Tuesday, October 11, 2011

Greenpeace destroys wheat crop



The illusion of choice.

Recently in class we have been discussing the illusion of “choice” as consumers when it comes to our food. The finger has been pointed only at big corporate agriculture and the process of our food between the farmer and the grocery store; how the middle men in between are controlling what is being produced below them in line, as well as what is being sold ahead of them in the chain. While I won’t deny that there is truth to the argument, I realized today in class when we watched a horrendous video similar to that above, that corporate agriculture is incredibly far from the only entity working to control our choice in the stores. My first reaction was literally, “What the hell?!” I was livid. Activists do this kind of garbage all the time. But the bigger issue is that these organizations who claim to have consumers’ best interest in mind obviously do not. Organizations such as Greenpeace, PETA, The Humane Society of the United States (HSUS), just to name a few, are political activist groups that have their own agendas to push and only give the impression they are working to better our lives as consumers. While I’m on my soap box, out of any donation to HSUS, a whopping 0% goes to any animal shelter or local humane society in the United States. Talk about propaganda! Airing those commercials with famous people and cute dogs and cats, claiming they help them!

Off my soap box (as much as I can…) for now and back to the idea of choice for a moment. We claim as consumers we are limited in our choices of what we can eat, but aren’t these group’s limiting them even more? PETA and HSUS both are trying to end animal agriculture for good. Not make it better, not improve the system, but end it. Period. So not only will we have to choose corn in everything else we buy, we will then be forced to become vegetarians. Now that’s a lack of choice. It won’t ever happen, but I’ll amuse my nonmeat consuming peers for a moment and hypothetically go down that road just, just briefly. At that point, there could be no fingers pointed at corporate agriculture for the lack of choice. At that point, those groups will have become even more powerful than those companies and will control everything we eat even more so than any single group does now.

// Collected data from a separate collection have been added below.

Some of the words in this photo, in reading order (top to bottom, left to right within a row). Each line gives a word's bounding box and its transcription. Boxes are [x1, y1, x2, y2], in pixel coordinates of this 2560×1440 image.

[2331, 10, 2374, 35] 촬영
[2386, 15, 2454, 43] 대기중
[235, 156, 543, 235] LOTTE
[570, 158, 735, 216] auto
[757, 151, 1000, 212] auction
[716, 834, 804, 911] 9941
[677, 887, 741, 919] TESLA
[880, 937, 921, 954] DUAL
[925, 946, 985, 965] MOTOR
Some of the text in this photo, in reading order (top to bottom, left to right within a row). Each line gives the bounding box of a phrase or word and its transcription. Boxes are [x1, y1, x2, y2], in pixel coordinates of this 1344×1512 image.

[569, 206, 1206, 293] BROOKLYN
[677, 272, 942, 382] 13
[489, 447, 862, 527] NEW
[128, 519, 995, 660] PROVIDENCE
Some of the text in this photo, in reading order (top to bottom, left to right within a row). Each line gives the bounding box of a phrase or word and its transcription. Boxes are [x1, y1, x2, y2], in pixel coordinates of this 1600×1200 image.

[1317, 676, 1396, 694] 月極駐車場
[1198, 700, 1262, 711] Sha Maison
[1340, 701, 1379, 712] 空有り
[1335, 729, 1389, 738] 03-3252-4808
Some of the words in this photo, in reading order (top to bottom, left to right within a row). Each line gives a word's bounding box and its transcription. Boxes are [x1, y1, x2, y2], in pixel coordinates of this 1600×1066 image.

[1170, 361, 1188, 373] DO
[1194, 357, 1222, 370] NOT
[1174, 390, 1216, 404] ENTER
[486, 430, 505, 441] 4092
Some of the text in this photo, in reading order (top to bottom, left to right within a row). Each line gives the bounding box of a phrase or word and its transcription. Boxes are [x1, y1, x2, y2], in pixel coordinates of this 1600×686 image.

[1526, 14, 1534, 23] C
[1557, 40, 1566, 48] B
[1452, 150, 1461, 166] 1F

Snap, back to reality, as I bite into my American grown hamburger. I suppose my main point here is that we cannot overlook the goals of these groups when we discuss the “illusion of choice.” They each have different goals, but ultimately, they want to limit the options of food for consumption we have available to us. Let the consumers decide if they want to eat GM wheat. In the video clip, the Greenpeace member says that they were trying to get CSIRO to be upfront and honest about the research they are doing. How can they do research to give factual information to the public about GMO’s if their plots are destroyed? These groups complain about a lack of long term research and trials of these new technologies, but then turn around and destroy the research plots and stations. Am I the only one who sees the contradiction here? There’s no way to do research on these crops and calm the fears of consumers if these groups—who are “looking out for consumers”—run around and ruin the research in progress.

Choice, to some extent, may in fact be an illusion to consumers. But the idea that big bad corporate agriculture is the guilty party is a stretch. In fact, consumers need to look in the mirror when they complain about lack of choice. But that’s a-whole-nother can of worms to be opened later.